# 2. Vectorized Model

Wersja wektoryzowana modelu baseline.

In [1]:
import torch
import torch.nn as nn
import numpy as np
import constriction
import os
import struct
import time
from torch.utils.data import Dataset, DataLoader
from tqdm import tqdm

# Konfiguracja
TRAIN_PATH = "../data/all_silesia.bin"
TEST_PATH = "../data/all_canterbury.bin"
COMPRESSED_PATH = "../out/compressed_vectorized.bin"
DECOMPRESSED_PATH = "../out/decompressed_vectorized.bin"
MODEL_PATH = "../out/model_compressor_vectorized.pth"

HIDDEN_SIZE = 128
EPOCHS = 1 
SEQ_LEN = 128
BATCH_SIZE = 64
CHUNK_SIZE = 10_000 # Wielkość bloku dla wektoryzacji kompresji

DEVICE = torch.device("cuda" if torch.cuda.is_available() else "cpu")
print(f"Using device: {DEVICE}")

Using device: cpu


## 1) Importy i konfiguracja

In [2]:
class ByteDataset(Dataset):
    def __init__(self, file_path, seq_len):
        print(f"Loading data from {file_path}...")
        with open(file_path, 'rb') as f:
            self.data = np.frombuffer(f.read(), dtype=np.uint8)
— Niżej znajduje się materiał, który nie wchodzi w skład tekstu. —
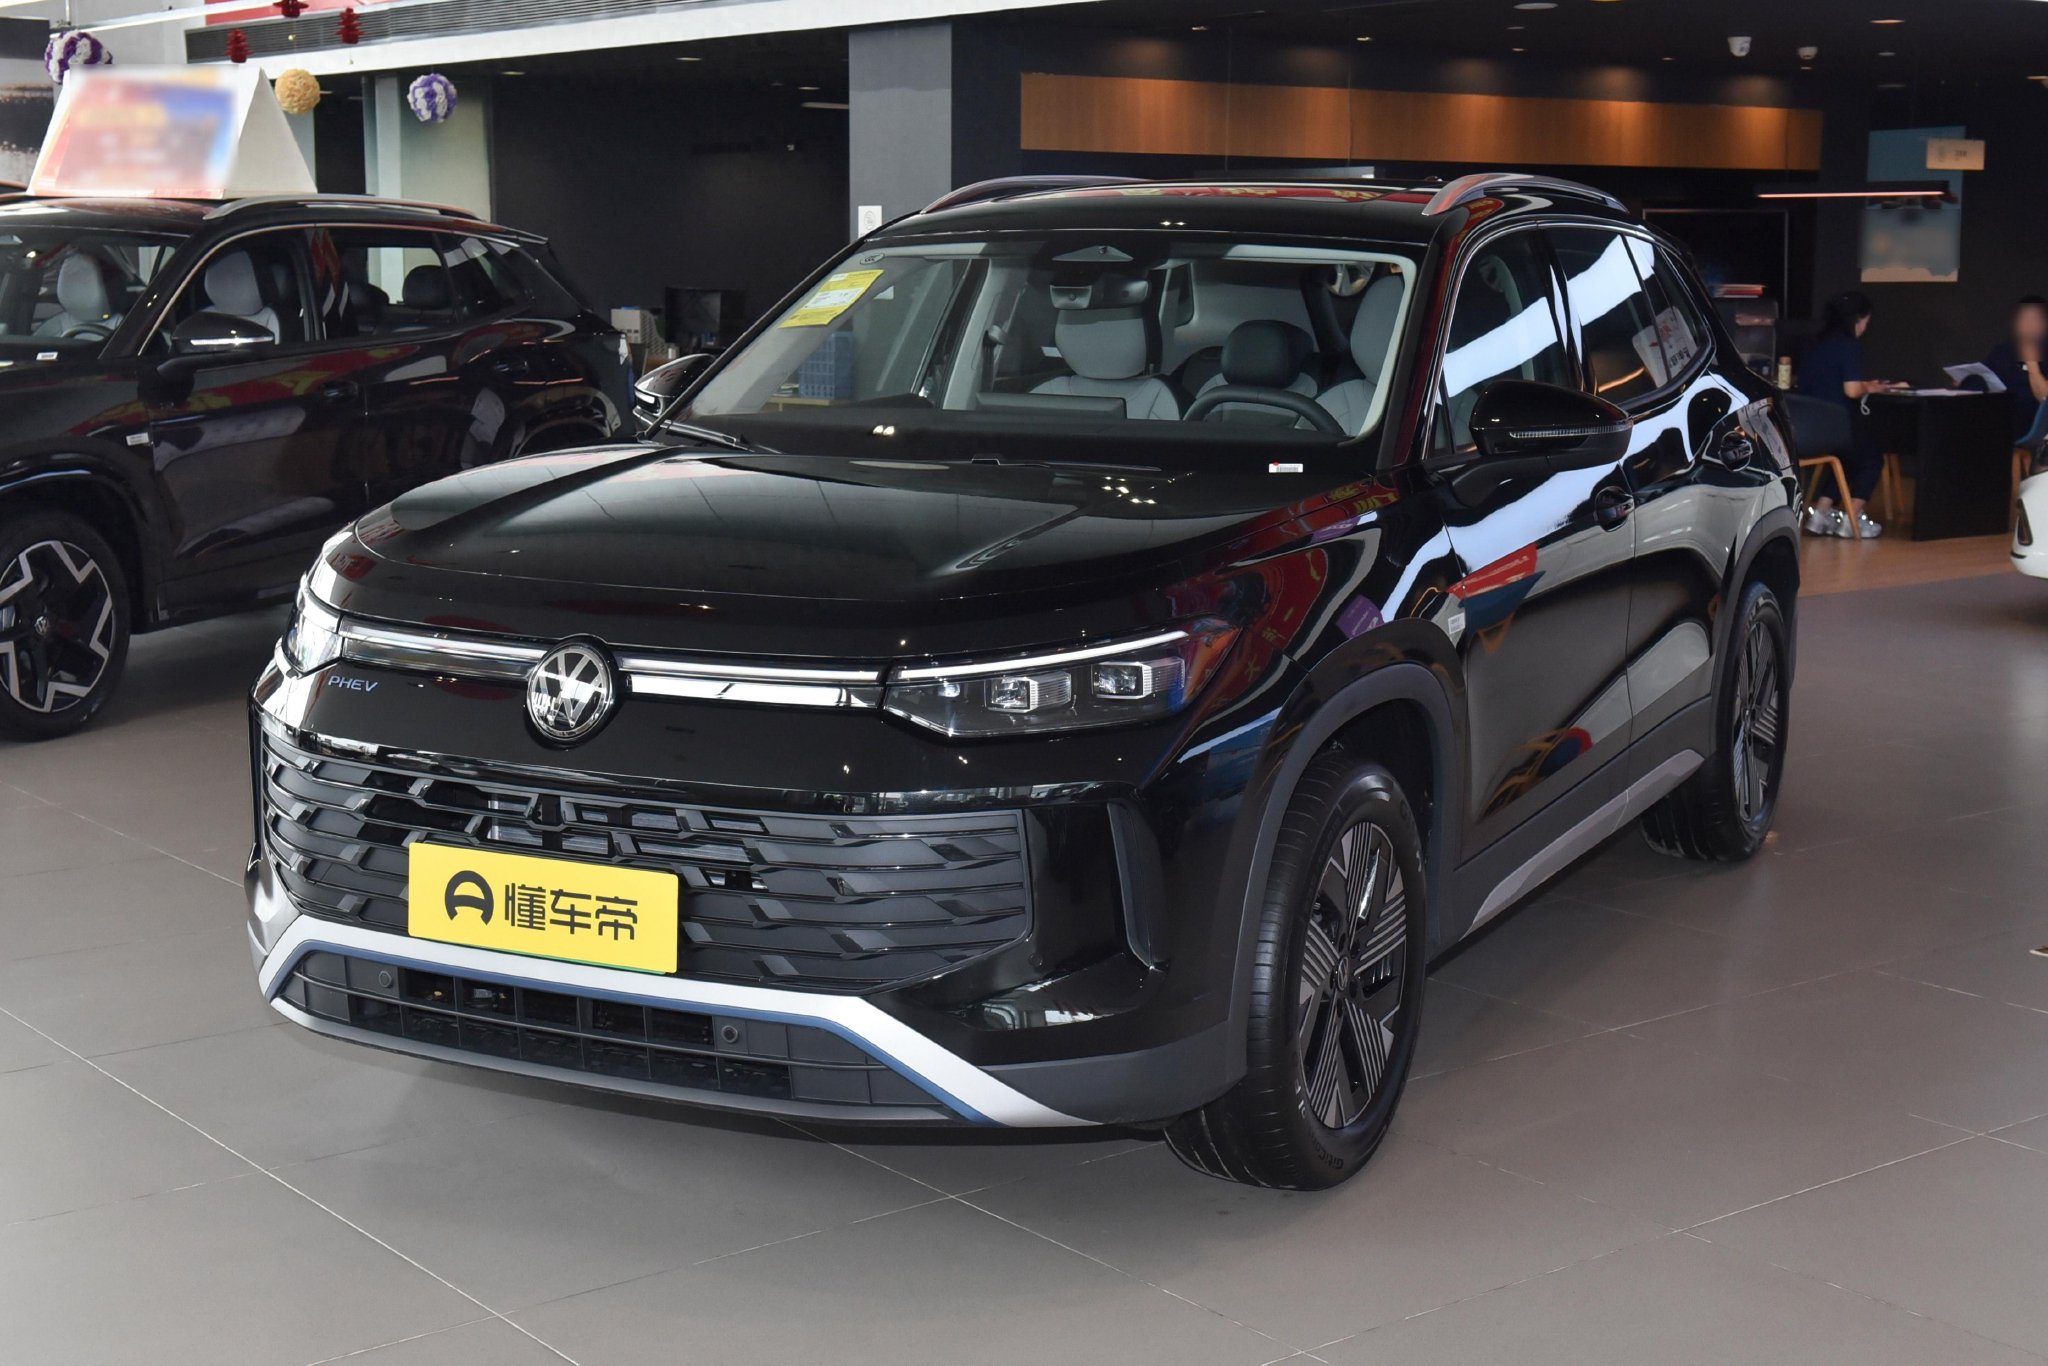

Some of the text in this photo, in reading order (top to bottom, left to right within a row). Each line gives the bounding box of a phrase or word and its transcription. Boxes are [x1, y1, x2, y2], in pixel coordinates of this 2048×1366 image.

        self.data = torch.from_numpy(self.data).long()
        self.seq_len = seq_len
        self.n_samples = len(self.data) - seq_len - 1

    def __len__(self):
        return self.n_samples // SEQ_LEN

    def __getitem__(self, idx):
        start = idx * SEQ_LEN
        end = start + SEQ_LEN + 1
        
        if end > len(self.data):
            chunk = self.data[start:]
            return chunk[:-1], chunk[1:]
        
        chunk = self.data[start:end]
        return chunk[:-1], chunk[1:]

## 2) DataLoader

In [None]:
class Compressor(nn.Module):
    def __init__(self):
        super().__init__()
        self.embed = nn.Embedding(257, 32)
        self.lstm = nn.LSTM(32, HIDDEN_SIZE, batch_first=True)
        self.fc = nn.Linear(HIDDEN_SIZE, 256)

    def forward(self, x, hidden=None):
        x = self.embed(x)
        out, hidden = self.lstm(x, hidden)
        logits = self.fc(out)
        return logits, hidden
    
    def _get_probs(self, x, hidden):
        with torch.no_grad():
            logits, hidden = self(x, hidden)
            probs = torch.softmax(logits[0, 0], dim=0).cpu().numpy().astype(np.float32)
        return probs, hidden

## 3) Model

In [None]:
def train_model(model, train_path, epochs=EPOCHS):
    model.train()
    optimizer = torch.optim.Adam(model.parameters(), lr=0.005)
    criterion = nn.CrossEntropyLoss()

    dataset = ByteDataset(train_path, SEQ_LEN)
    dataloader = DataLoader(dataset, batch_size=BATCH_SIZE, shuffle=True, drop_last=True)
    
    start_time = time.time()
    history = []

    for i in range(epochs):
        total_loss = 0
        steps = 0
        pbar = tqdm(dataloader, desc=f"Epoch {i + 1}/{epochs}", unit="batch")

        for x, y in pbar:
            x, y = x.to(DEVICE), y.to(DEVICE)
            optimizer.zero_grad()
            logits, _ = model(x)
            loss = criterion(logits.view(-1, 256), y.view(-1))
            loss.backward()
            optimizer.step()

            total_loss += loss.item()
            steps += 1
            pbar.set_postfix({'loss': loss.item()})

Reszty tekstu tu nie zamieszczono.